◆ Task brief ◆
Below are records that should be duplicated exactly, with no image retained.

◆ Information provided ◆

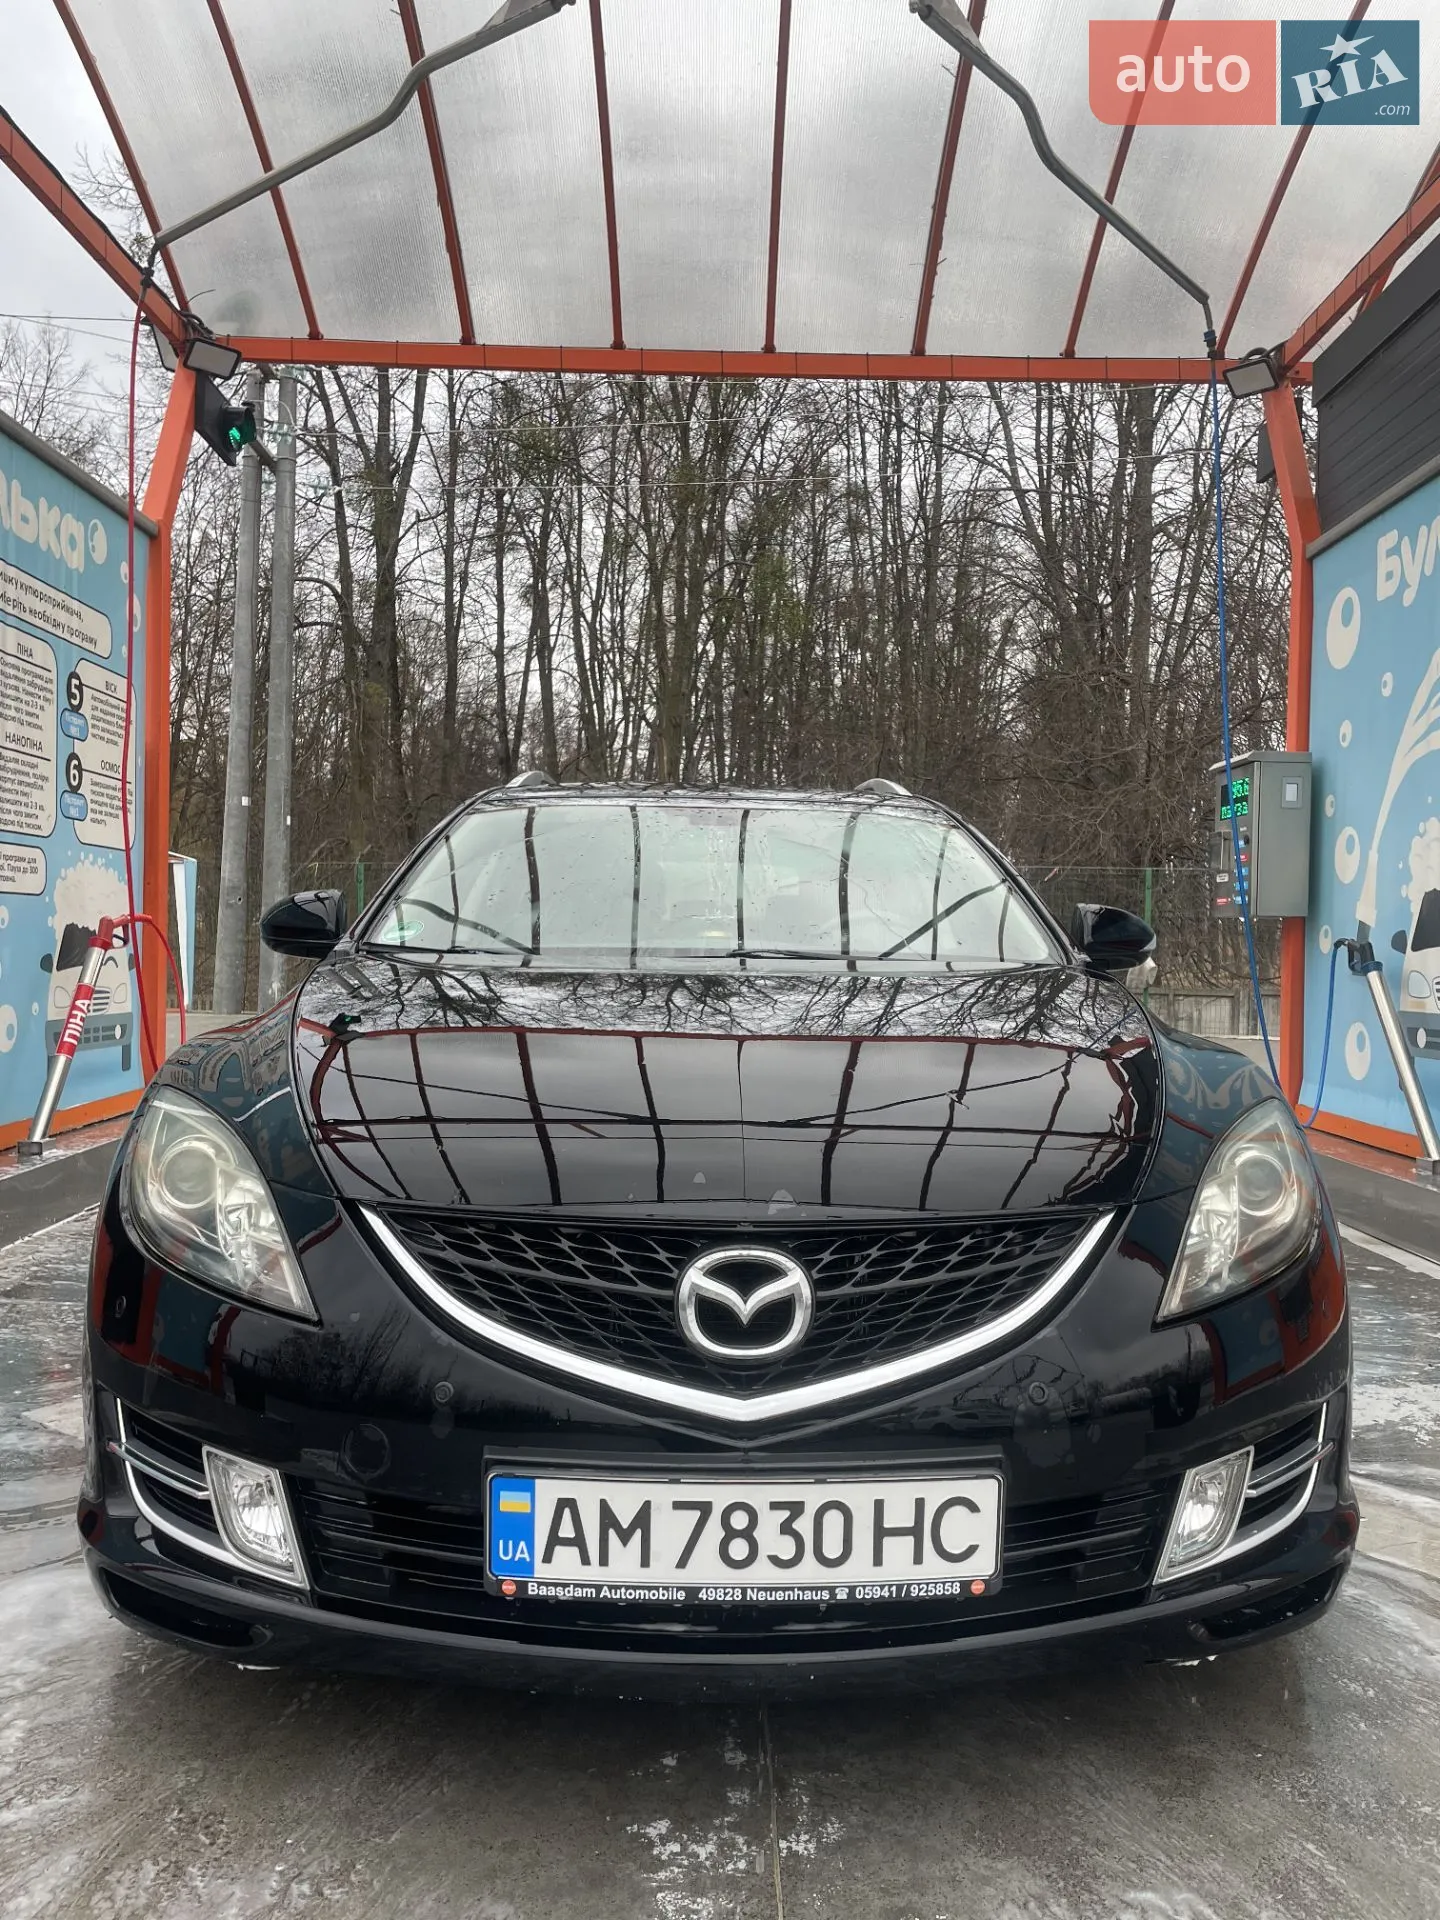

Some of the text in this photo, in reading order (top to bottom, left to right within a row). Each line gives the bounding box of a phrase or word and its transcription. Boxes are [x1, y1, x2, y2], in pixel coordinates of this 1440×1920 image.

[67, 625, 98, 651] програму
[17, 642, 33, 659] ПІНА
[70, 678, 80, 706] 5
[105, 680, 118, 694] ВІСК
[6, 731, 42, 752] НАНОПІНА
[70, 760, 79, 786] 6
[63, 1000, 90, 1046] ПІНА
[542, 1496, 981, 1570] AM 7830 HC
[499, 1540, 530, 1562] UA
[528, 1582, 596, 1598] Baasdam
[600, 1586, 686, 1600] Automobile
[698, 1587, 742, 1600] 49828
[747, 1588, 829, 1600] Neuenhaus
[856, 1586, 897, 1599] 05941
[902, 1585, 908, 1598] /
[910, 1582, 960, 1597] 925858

◆ Exercise result ◆
Some of the text in this photo, in reading order (top to bottom, left to right within a row). Each line gives the bounding box of a phrase or word and its transcription. Boxes are [x1, y1, x2, y2], in pixel coordinates of this 1440×1920 image.

[67, 625, 98, 651] програму
[17, 642, 33, 659] ПІНА
[70, 678, 80, 706] 5
[105, 680, 118, 694] ВІСК
[6, 731, 42, 752] НАНОПІНА
[70, 760, 79, 786] 6
[63, 1000, 90, 1046] ПІНА
[542, 1496, 981, 1570] AM 7830 HC
[499, 1540, 530, 1562] UA
[528, 1582, 596, 1598] Baasdam
[600, 1586, 686, 1600] Automobile
[698, 1587, 742, 1600] 49828
[747, 1588, 829, 1600] Neuenhaus
[856, 1586, 897, 1599] 05941
[902, 1585, 908, 1598] /
[910, 1582, 960, 1597] 925858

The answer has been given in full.